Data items
+---+
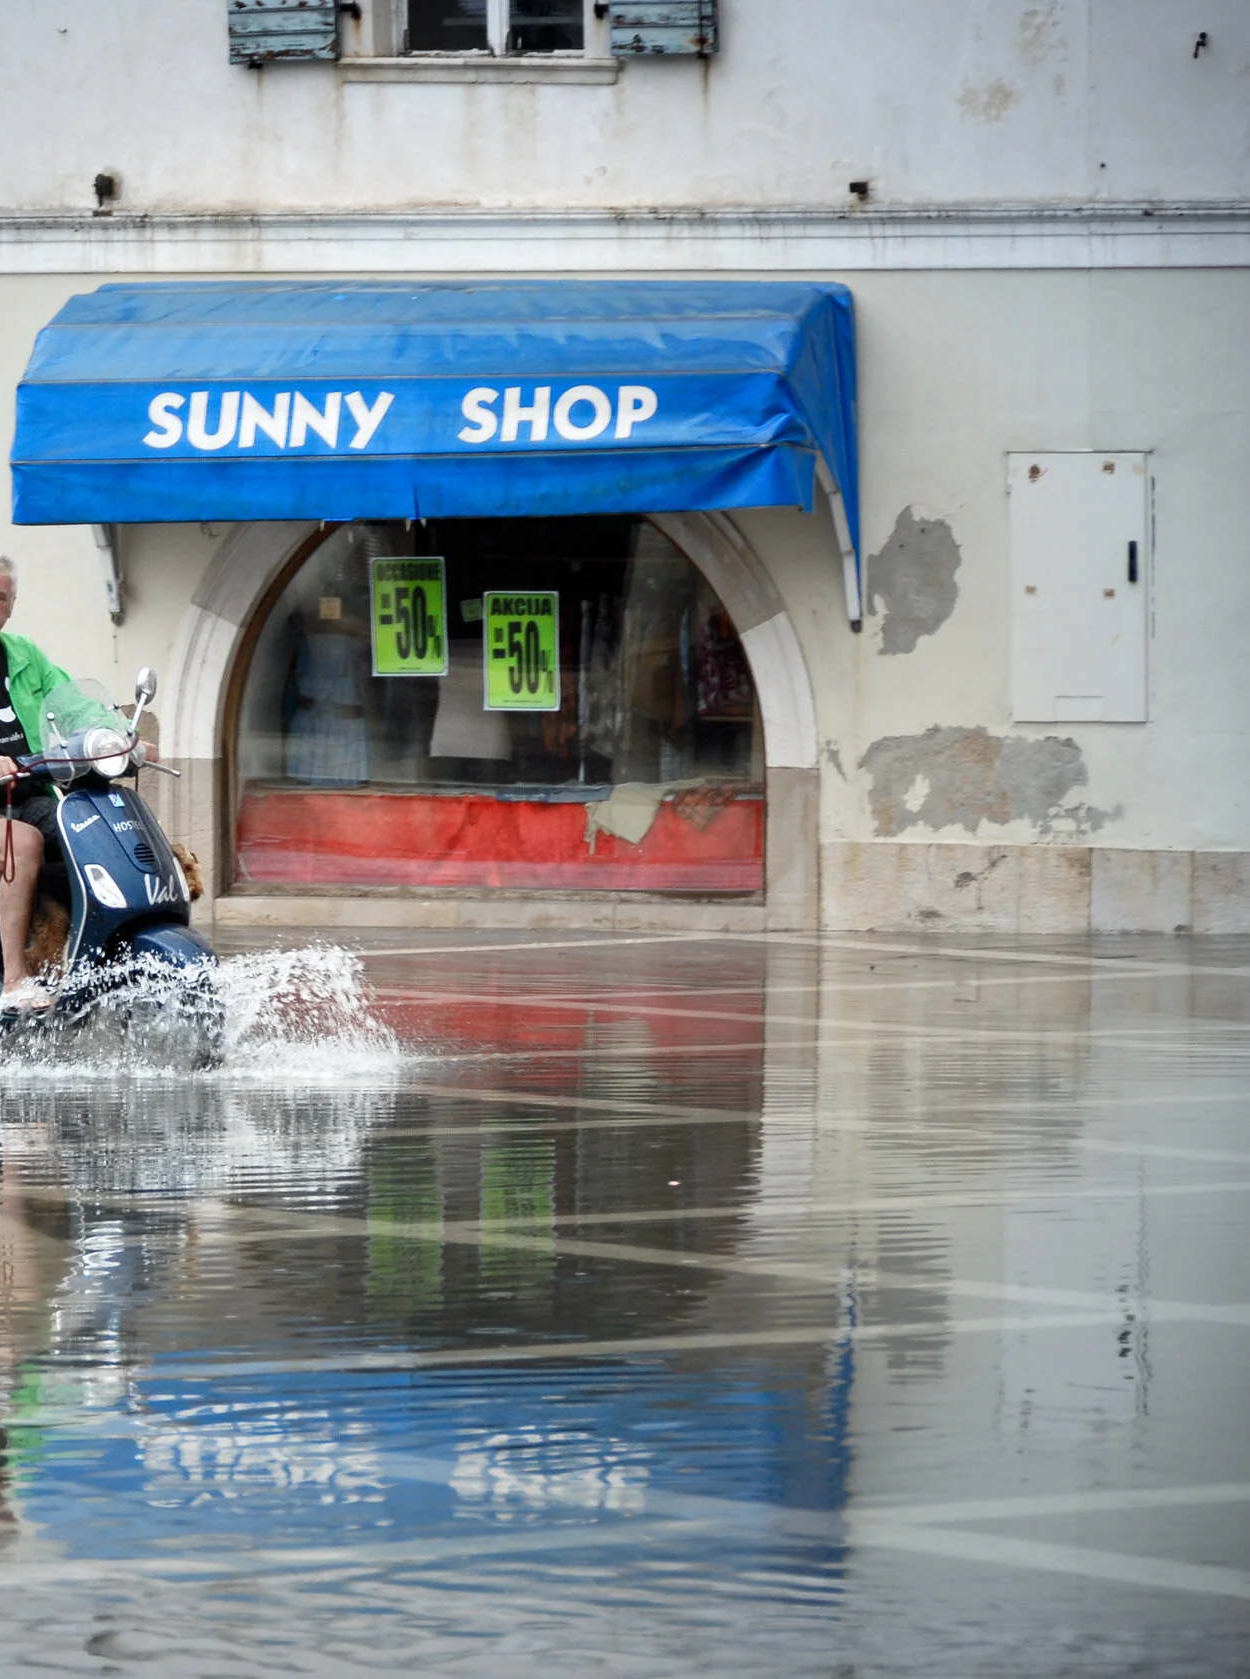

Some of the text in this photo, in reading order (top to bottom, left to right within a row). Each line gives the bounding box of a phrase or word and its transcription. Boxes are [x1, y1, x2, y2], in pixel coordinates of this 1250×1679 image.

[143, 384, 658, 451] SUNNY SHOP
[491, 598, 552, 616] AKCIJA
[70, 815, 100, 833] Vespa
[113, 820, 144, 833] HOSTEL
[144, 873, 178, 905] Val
+---+
Repeat the records above exactly. No pictures go into the repeat.

__Task output__:
Some of the text in this photo, in reading order (top to bottom, left to right within a row). Each line gives the bounding box of a phrase or word and its transcription. Boxes are [x1, y1, x2, y2], in pixel coordinates of this 1250×1679 image.

[143, 384, 658, 451] SUNNY SHOP
[491, 598, 552, 616] AKCIJA
[70, 815, 100, 833] Vespa
[113, 820, 144, 833] HOSTEL
[144, 873, 178, 905] Val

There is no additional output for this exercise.